- Provided material
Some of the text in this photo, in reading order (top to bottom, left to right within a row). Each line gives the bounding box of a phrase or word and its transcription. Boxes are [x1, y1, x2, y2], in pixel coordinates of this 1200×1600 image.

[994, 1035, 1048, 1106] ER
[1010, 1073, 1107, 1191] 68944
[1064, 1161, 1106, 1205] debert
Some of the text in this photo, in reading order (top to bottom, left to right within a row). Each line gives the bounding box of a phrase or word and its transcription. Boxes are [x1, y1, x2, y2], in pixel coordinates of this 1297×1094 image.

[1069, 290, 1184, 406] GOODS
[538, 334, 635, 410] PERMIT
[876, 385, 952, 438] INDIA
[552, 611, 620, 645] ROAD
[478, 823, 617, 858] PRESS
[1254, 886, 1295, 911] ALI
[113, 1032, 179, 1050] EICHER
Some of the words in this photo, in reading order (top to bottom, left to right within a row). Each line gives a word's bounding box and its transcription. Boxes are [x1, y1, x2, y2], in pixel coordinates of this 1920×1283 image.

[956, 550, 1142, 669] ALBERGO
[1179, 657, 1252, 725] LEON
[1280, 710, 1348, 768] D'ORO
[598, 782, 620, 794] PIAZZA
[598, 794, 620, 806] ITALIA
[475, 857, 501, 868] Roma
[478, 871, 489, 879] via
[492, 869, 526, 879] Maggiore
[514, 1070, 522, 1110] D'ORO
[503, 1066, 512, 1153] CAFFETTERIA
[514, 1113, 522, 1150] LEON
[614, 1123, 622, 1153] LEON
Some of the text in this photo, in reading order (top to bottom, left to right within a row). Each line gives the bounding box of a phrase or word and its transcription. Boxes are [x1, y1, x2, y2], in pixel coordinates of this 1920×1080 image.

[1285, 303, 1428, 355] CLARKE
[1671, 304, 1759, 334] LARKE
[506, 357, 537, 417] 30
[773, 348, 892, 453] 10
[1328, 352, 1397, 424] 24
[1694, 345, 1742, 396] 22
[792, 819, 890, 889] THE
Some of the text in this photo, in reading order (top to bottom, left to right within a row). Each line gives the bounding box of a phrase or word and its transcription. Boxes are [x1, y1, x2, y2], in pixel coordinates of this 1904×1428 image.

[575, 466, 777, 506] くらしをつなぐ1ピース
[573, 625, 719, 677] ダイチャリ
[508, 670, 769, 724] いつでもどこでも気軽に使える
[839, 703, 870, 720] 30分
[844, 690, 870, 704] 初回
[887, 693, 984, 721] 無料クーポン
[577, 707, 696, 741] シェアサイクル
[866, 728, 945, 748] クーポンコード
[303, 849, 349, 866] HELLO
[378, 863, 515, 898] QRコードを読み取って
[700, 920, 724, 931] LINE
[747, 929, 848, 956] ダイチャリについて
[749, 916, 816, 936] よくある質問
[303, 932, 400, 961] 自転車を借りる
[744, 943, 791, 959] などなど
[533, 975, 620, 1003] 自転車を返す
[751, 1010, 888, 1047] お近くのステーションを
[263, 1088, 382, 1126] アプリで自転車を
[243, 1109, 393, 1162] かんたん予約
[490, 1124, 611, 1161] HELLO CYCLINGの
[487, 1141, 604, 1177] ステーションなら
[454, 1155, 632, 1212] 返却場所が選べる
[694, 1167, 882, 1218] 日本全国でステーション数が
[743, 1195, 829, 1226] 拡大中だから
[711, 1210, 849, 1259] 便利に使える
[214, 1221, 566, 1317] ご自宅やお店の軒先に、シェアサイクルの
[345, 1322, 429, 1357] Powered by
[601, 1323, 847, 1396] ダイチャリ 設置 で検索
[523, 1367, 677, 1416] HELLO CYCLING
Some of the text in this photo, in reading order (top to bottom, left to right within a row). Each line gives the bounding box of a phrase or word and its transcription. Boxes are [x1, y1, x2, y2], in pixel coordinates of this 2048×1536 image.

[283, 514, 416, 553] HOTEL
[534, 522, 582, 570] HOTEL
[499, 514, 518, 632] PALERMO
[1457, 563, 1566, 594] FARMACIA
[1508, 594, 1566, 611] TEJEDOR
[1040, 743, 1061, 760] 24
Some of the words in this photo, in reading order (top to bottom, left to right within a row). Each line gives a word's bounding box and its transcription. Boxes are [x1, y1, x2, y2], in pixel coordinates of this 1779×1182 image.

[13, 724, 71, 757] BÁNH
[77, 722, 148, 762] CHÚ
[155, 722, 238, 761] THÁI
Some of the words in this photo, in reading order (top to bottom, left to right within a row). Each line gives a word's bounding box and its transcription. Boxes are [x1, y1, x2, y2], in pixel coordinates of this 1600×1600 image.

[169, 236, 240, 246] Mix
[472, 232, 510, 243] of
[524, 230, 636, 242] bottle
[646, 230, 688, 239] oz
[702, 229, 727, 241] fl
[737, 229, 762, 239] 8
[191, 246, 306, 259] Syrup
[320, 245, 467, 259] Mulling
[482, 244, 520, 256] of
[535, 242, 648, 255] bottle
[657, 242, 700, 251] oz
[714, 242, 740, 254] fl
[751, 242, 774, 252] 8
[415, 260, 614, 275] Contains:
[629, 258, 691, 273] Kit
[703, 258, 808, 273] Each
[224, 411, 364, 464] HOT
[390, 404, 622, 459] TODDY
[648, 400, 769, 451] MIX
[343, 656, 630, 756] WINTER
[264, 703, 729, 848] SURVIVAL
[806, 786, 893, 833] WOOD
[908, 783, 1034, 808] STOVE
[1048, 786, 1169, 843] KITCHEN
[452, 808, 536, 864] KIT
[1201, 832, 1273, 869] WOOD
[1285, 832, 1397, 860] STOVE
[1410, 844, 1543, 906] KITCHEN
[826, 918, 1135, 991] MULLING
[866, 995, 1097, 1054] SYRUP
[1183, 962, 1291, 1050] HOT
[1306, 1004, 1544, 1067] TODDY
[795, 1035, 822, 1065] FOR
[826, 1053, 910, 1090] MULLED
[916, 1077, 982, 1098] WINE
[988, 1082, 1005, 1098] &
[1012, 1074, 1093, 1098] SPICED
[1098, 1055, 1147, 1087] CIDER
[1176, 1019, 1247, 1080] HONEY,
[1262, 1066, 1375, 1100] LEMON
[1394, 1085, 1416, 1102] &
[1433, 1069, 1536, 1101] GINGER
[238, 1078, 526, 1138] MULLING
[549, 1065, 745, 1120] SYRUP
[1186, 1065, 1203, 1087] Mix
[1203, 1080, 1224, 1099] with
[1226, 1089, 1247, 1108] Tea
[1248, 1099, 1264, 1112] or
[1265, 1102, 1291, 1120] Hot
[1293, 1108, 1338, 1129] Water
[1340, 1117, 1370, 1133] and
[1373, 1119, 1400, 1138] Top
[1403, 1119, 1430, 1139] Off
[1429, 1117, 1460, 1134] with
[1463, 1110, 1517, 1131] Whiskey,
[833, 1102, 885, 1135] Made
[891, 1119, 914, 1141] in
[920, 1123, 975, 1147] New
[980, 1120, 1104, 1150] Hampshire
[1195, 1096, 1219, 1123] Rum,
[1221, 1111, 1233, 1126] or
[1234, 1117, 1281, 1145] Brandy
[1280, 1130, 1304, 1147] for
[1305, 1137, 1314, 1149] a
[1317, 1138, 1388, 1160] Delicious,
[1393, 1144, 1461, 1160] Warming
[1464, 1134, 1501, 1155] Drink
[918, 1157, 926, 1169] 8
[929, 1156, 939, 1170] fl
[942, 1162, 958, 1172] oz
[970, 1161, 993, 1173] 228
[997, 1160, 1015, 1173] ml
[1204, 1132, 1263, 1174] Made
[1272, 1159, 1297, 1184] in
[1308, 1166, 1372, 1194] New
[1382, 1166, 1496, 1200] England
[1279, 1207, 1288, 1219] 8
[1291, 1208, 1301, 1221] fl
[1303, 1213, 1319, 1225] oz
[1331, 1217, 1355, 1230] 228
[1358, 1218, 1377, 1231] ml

- Task statement
Word for word, set down every line of the material above.

- Final answer
Some of the text in this photo, in reading order (top to bottom, left to right within a row). Each line gives the bounding box of a phrase or word and its transcription. Boxes are [x1, y1, x2, y2], in pixel coordinates of this 1200×1600 image.

[994, 1035, 1048, 1106] ER
[1010, 1073, 1107, 1191] 68944
[1064, 1161, 1106, 1205] debert
Some of the text in this photo, in reading order (top to bottom, left to right within a row). Each line gives the bounding box of a phrase or word and its transcription. Boxes are [x1, y1, x2, y2], in pixel coordinates of this 1297×1094 image.

[1069, 290, 1184, 406] GOODS
[538, 334, 635, 410] PERMIT
[876, 385, 952, 438] INDIA
[552, 611, 620, 645] ROAD
[478, 823, 617, 858] PRESS
[1254, 886, 1295, 911] ALI
[113, 1032, 179, 1050] EICHER
Some of the words in this photo, in reading order (top to bottom, left to right within a row). Each line gives a word's bounding box and its transcription. Boxes are [x1, y1, x2, y2], in pixel coordinates of this 1920×1283 image.

[956, 550, 1142, 669] ALBERGO
[1179, 657, 1252, 725] LEON
[1280, 710, 1348, 768] D'ORO
[598, 782, 620, 794] PIAZZA
[598, 794, 620, 806] ITALIA
[475, 857, 501, 868] Roma
[478, 871, 489, 879] via
[492, 869, 526, 879] Maggiore
[514, 1070, 522, 1110] D'ORO
[503, 1066, 512, 1153] CAFFETTERIA
[514, 1113, 522, 1150] LEON
[614, 1123, 622, 1153] LEON
Some of the text in this photo, in reading order (top to bottom, left to right within a row). Each line gives the bounding box of a phrase or word and its transcription. Boxes are [x1, y1, x2, y2], in pixel coordinates of this 1920×1080 image.

[1285, 303, 1428, 355] CLARKE
[1671, 304, 1759, 334] LARKE
[506, 357, 537, 417] 30
[773, 348, 892, 453] 10
[1328, 352, 1397, 424] 24
[1694, 345, 1742, 396] 22
[792, 819, 890, 889] THE
Some of the text in this photo, in reading order (top to bottom, left to right within a row). Each line gives the bounding box of a phrase or word and its transcription. Boxes are [x1, y1, x2, y2], in pixel coordinates of this 1904×1428 image.

[575, 466, 777, 506] くらしをつなぐ1ピース
[573, 625, 719, 677] ダイチャリ
[508, 670, 769, 724] いつでもどこでも気軽に使える
[839, 703, 870, 720] 30分
[844, 690, 870, 704] 初回
[887, 693, 984, 721] 無料クーポン
[577, 707, 696, 741] シェアサイクル
[866, 728, 945, 748] クーポンコード
[303, 849, 349, 866] HELLO
[378, 863, 515, 898] QRコードを読み取って
[700, 920, 724, 931] LINE
[747, 929, 848, 956] ダイチャリについて
[749, 916, 816, 936] よくある質問
[303, 932, 400, 961] 自転車を借りる
[744, 943, 791, 959] などなど
[533, 975, 620, 1003] 自転車を返す
[751, 1010, 888, 1047] お近くのステーションを
[263, 1088, 382, 1126] アプリで自転車を
[243, 1109, 393, 1162] かんたん予約
[490, 1124, 611, 1161] HELLO CYCLINGの
[487, 1141, 604, 1177] ステーションなら
[454, 1155, 632, 1212] 返却場所が選べる
[694, 1167, 882, 1218] 日本全国でステーション数が
[743, 1195, 829, 1226] 拡大中だから
[711, 1210, 849, 1259] 便利に使える
[214, 1221, 566, 1317] ご自宅やお店の軒先に、シェアサイクルの
[345, 1322, 429, 1357] Powered by
[601, 1323, 847, 1396] ダイチャリ 設置 で検索
[523, 1367, 677, 1416] HELLO CYCLING
Some of the text in this photo, in reading order (top to bottom, left to right within a row). Each line gives the bounding box of a phrase or word and its transcription. Boxes are [x1, y1, x2, y2], in pixel coordinates of this 2048×1536 image.

[283, 514, 416, 553] HOTEL
[534, 522, 582, 570] HOTEL
[499, 514, 518, 632] PALERMO
[1457, 563, 1566, 594] FARMACIA
[1508, 594, 1566, 611] TEJEDOR
[1040, 743, 1061, 760] 24
Some of the words in this photo, in reading order (top to bottom, left to right within a row). Each line gives a word's bounding box and its transcription. Boxes are [x1, y1, x2, y2], in pixel coordinates of this 1779×1182 image.

[13, 724, 71, 757] BÁNH
[77, 722, 148, 762] CHÚ
[155, 722, 238, 761] THÁI
Some of the words in this photo, in reading order (top to bottom, left to right within a row). Each line gives a word's bounding box and its transcription. Boxes are [x1, y1, x2, y2], in pixel coordinates of this 1600×1600 image.

[169, 236, 240, 246] Mix
[472, 232, 510, 243] of
[524, 230, 636, 242] bottle
[646, 230, 688, 239] oz
[702, 229, 727, 241] fl
[737, 229, 762, 239] 8
[191, 246, 306, 259] Syrup
[320, 245, 467, 259] Mulling
[482, 244, 520, 256] of
[535, 242, 648, 255] bottle
[657, 242, 700, 251] oz
[714, 242, 740, 254] fl
[751, 242, 774, 252] 8
[415, 260, 614, 275] Contains:
[629, 258, 691, 273] Kit
[703, 258, 808, 273] Each
[224, 411, 364, 464] HOT
[390, 404, 622, 459] TODDY
[648, 400, 769, 451] MIX
[343, 656, 630, 756] WINTER
[264, 703, 729, 848] SURVIVAL
[806, 786, 893, 833] WOOD
[908, 783, 1034, 808] STOVE
[1048, 786, 1169, 843] KITCHEN
[452, 808, 536, 864] KIT
[1201, 832, 1273, 869] WOOD
[1285, 832, 1397, 860] STOVE
[1410, 844, 1543, 906] KITCHEN
[826, 918, 1135, 991] MULLING
[866, 995, 1097, 1054] SYRUP
[1183, 962, 1291, 1050] HOT
[1306, 1004, 1544, 1067] TODDY
[795, 1035, 822, 1065] FOR
[826, 1053, 910, 1090] MULLED
[916, 1077, 982, 1098] WINE
[988, 1082, 1005, 1098] &
[1012, 1074, 1093, 1098] SPICED
[1098, 1055, 1147, 1087] CIDER
[1176, 1019, 1247, 1080] HONEY,
[1262, 1066, 1375, 1100] LEMON
[1394, 1085, 1416, 1102] &
[1433, 1069, 1536, 1101] GINGER
[238, 1078, 526, 1138] MULLING
[549, 1065, 745, 1120] SYRUP
[1186, 1065, 1203, 1087] Mix
[1203, 1080, 1224, 1099] with
[1226, 1089, 1247, 1108] Tea
[1248, 1099, 1264, 1112] or
[1265, 1102, 1291, 1120] Hot
[1293, 1108, 1338, 1129] Water
[1340, 1117, 1370, 1133] and
[1373, 1119, 1400, 1138] Top
[1403, 1119, 1430, 1139] Off
[1429, 1117, 1460, 1134] with
[1463, 1110, 1517, 1131] Whiskey,
[833, 1102, 885, 1135] Made
[891, 1119, 914, 1141] in
[920, 1123, 975, 1147] New
[980, 1120, 1104, 1150] Hampshire
[1195, 1096, 1219, 1123] Rum,
[1221, 1111, 1233, 1126] or
[1234, 1117, 1281, 1145] Brandy
[1280, 1130, 1304, 1147] for
[1305, 1137, 1314, 1149] a
[1317, 1138, 1388, 1160] Delicious,
[1393, 1144, 1461, 1160] Warming
[1464, 1134, 1501, 1155] Drink
[918, 1157, 926, 1169] 8
[929, 1156, 939, 1170] fl
[942, 1162, 958, 1172] oz
[970, 1161, 993, 1173] 228
[997, 1160, 1015, 1173] ml
[1204, 1132, 1263, 1174] Made
[1272, 1159, 1297, 1184] in
[1308, 1166, 1372, 1194] New
[1382, 1166, 1496, 1200] England
[1279, 1207, 1288, 1219] 8
[1291, 1208, 1301, 1221] fl
[1303, 1213, 1319, 1225] oz
[1331, 1217, 1355, 1230] 228
[1358, 1218, 1377, 1231] ml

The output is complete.